Collected data entries:
----------

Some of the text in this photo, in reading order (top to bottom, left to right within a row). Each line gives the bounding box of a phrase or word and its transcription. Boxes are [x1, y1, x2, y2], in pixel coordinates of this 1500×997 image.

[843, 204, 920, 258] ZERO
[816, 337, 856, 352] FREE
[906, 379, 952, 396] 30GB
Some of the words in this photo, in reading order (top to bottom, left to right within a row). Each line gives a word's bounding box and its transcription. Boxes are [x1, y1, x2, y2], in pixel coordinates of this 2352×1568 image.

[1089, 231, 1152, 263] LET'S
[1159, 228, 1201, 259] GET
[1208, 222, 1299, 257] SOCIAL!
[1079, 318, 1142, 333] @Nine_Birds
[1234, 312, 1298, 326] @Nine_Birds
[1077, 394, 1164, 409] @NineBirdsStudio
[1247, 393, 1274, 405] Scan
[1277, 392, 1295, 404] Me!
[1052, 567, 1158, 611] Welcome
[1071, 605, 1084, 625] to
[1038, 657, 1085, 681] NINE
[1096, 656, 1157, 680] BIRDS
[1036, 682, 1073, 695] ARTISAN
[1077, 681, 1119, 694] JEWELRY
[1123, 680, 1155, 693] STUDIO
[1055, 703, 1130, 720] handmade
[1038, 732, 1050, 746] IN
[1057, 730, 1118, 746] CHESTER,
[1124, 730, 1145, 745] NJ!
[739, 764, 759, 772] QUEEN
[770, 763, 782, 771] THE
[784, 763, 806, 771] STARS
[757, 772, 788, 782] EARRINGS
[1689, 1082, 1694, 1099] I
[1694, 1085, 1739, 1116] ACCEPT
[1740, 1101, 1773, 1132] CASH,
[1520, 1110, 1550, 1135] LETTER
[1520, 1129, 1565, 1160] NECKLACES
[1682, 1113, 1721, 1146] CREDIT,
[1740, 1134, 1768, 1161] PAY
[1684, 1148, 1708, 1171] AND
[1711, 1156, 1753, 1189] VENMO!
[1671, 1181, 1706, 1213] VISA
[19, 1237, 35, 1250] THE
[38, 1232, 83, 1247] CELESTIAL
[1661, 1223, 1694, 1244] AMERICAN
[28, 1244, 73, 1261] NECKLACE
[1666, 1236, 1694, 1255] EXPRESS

----------

Problem requirements =>
Here, the records must be output exactly and in full.

Exercise answer =>
Some of the text in this photo, in reading order (top to bottom, left to right within a row). Each line gives the bounding box of a phrase or word and its transcription. Boxes are [x1, y1, x2, y2], in pixel coordinates of this 1500×997 image.

[843, 204, 920, 258] ZERO
[816, 337, 856, 352] FREE
[906, 379, 952, 396] 30GB
Some of the words in this photo, in reading order (top to bottom, left to right within a row). Each line gives a word's bounding box and its transcription. Boxes are [x1, y1, x2, y2], in pixel coordinates of this 2352×1568 image.

[1089, 231, 1152, 263] LET'S
[1159, 228, 1201, 259] GET
[1208, 222, 1299, 257] SOCIAL!
[1079, 318, 1142, 333] @Nine_Birds
[1234, 312, 1298, 326] @Nine_Birds
[1077, 394, 1164, 409] @NineBirdsStudio
[1247, 393, 1274, 405] Scan
[1277, 392, 1295, 404] Me!
[1052, 567, 1158, 611] Welcome
[1071, 605, 1084, 625] to
[1038, 657, 1085, 681] NINE
[1096, 656, 1157, 680] BIRDS
[1036, 682, 1073, 695] ARTISAN
[1077, 681, 1119, 694] JEWELRY
[1123, 680, 1155, 693] STUDIO
[1055, 703, 1130, 720] handmade
[1038, 732, 1050, 746] IN
[1057, 730, 1118, 746] CHESTER,
[1124, 730, 1145, 745] NJ!
[739, 764, 759, 772] QUEEN
[770, 763, 782, 771] THE
[784, 763, 806, 771] STARS
[757, 772, 788, 782] EARRINGS
[1689, 1082, 1694, 1099] I
[1694, 1085, 1739, 1116] ACCEPT
[1740, 1101, 1773, 1132] CASH,
[1520, 1110, 1550, 1135] LETTER
[1520, 1129, 1565, 1160] NECKLACES
[1682, 1113, 1721, 1146] CREDIT,
[1740, 1134, 1768, 1161] PAY
[1684, 1148, 1708, 1171] AND
[1711, 1156, 1753, 1189] VENMO!
[1671, 1181, 1706, 1213] VISA
[19, 1237, 35, 1250] THE
[38, 1232, 83, 1247] CELESTIAL
[1661, 1223, 1694, 1244] AMERICAN
[28, 1244, 73, 1261] NECKLACE
[1666, 1236, 1694, 1255] EXPRESS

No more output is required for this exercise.